Le message envoyé par les lycéen.es est clair, des cours, avec un nombre suffisant de profs et pas une exhortation à faire la guerre.
Une mobilisation réprimée par une vingtaine de policiers
A partir de 9h, les forces de répression ont été mobilisées. D'abord la police municipale, qui a bloqué la route, rejointe rapidement par la police nationale. La police est intervenue pour casser le blocus, boucliers en mains.
Des journalistes présents témoignent de « scènes de tensions entre forces de l'ordre et manifestants ». A 9h30, les policiers coupaient les cadenas et débarrassaient les poubelles, signifiant la fin de la mobilisation. Sur plusieurs contrôles d'identités, un a entraîné une interpellation. Nous ne savons pas à l'heure actuelle s'il s'agit d'un lycéen ou non.
Des mobilisations lycéennes multiples, qui mettent en avant un refus du retour à la guerre
En France, nous avons vu fleurir des mobilisations lycéennes, parfois accompagnées par des grèves de profs, comme au Havre. Le blocus nancéien s'inscrit dans cette dynamique nationale. Bien que ces mobilisations restent relativement limitées, il faut chercher à les massifier, à ce que les lycéen.nes entrainent autour d'eux des franges plus larges encore, constitués de profs, de parents d'élèves et d'étudiant.es.

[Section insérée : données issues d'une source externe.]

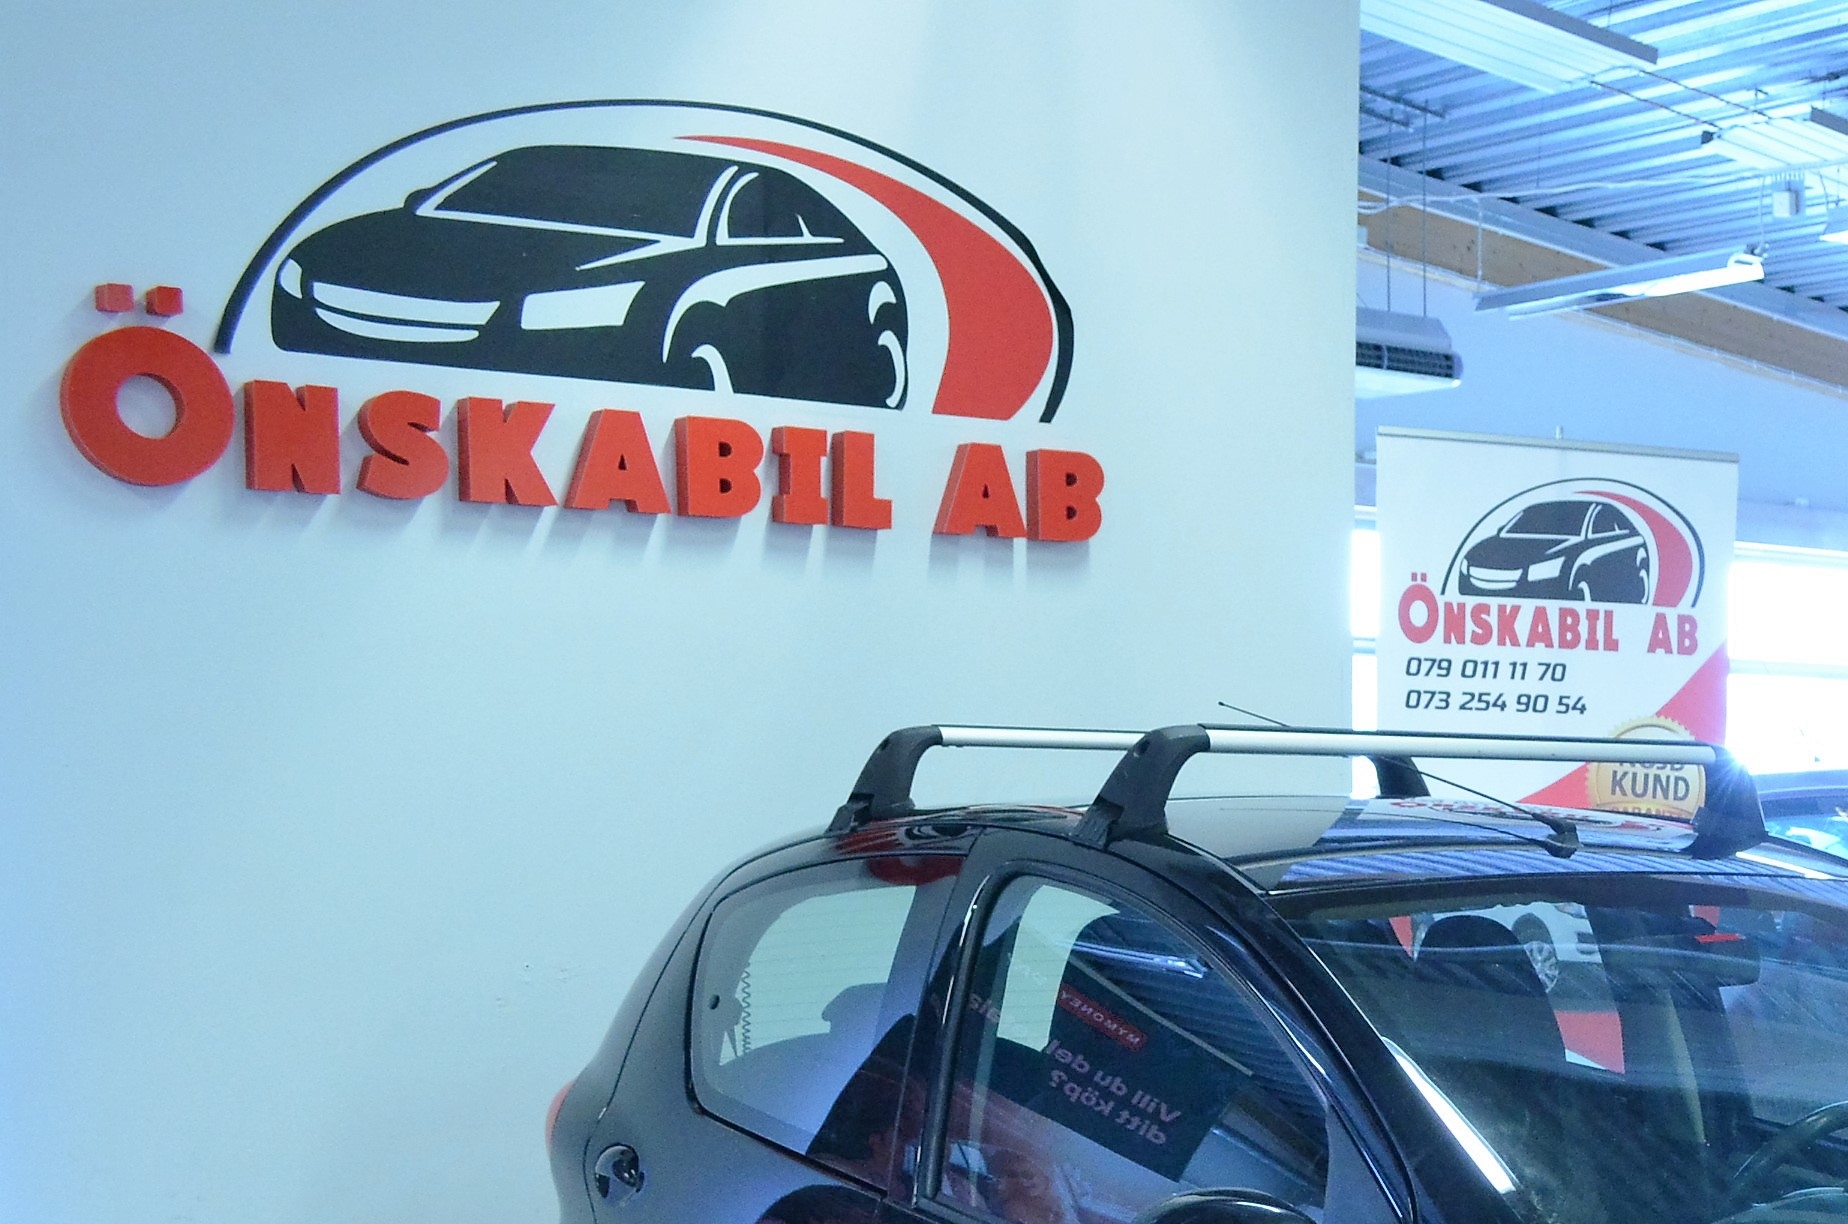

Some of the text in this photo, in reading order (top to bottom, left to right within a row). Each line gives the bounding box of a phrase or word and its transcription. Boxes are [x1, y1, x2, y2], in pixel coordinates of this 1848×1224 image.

[60, 282, 1104, 542] ÖNSKABIL AB
[1398, 572, 1698, 656] ÖNSKABIL AB
[1405, 657, 1567, 682] 079 011 11 70
[1405, 690, 1587, 715] 073 254 90 54
[1611, 769, 1690, 801] KUND

Si dans chaque mobilisation contre l'austérité et la casse de l'éducation, la jeunesse scande son refus de la marche à la guerre, ce n'est pas un hasard. Loin des grands discours va-t-en guerre de Macron et sa clique, notre réalité est toute autre : précarité, manque de profs, classes surchargées, et un avenir bouché pour la grande majorité des jeunes de notre classe. L'argent existe, il coule à flots vers les budgets militaires et les dividendes du CAC 40 mais pas pour nos écoles, pas pour nos vies.

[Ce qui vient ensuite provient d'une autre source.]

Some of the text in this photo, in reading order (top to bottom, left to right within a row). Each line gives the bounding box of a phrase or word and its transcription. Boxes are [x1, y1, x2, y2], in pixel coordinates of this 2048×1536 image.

C'est sur cette contradiction que les lycéen.nes de Nancy, comme ceux du Havre ou de Marseille, mettent le doigt, en criant leur refus de la militarisation. Il faut maintenant construire sur cette colère, coordonner ces mobilisations et les élargir aux profs, aux parents, aux étudiant.es, pour transformer ces blocus en un mouvement capable de faire reculer l'austérité.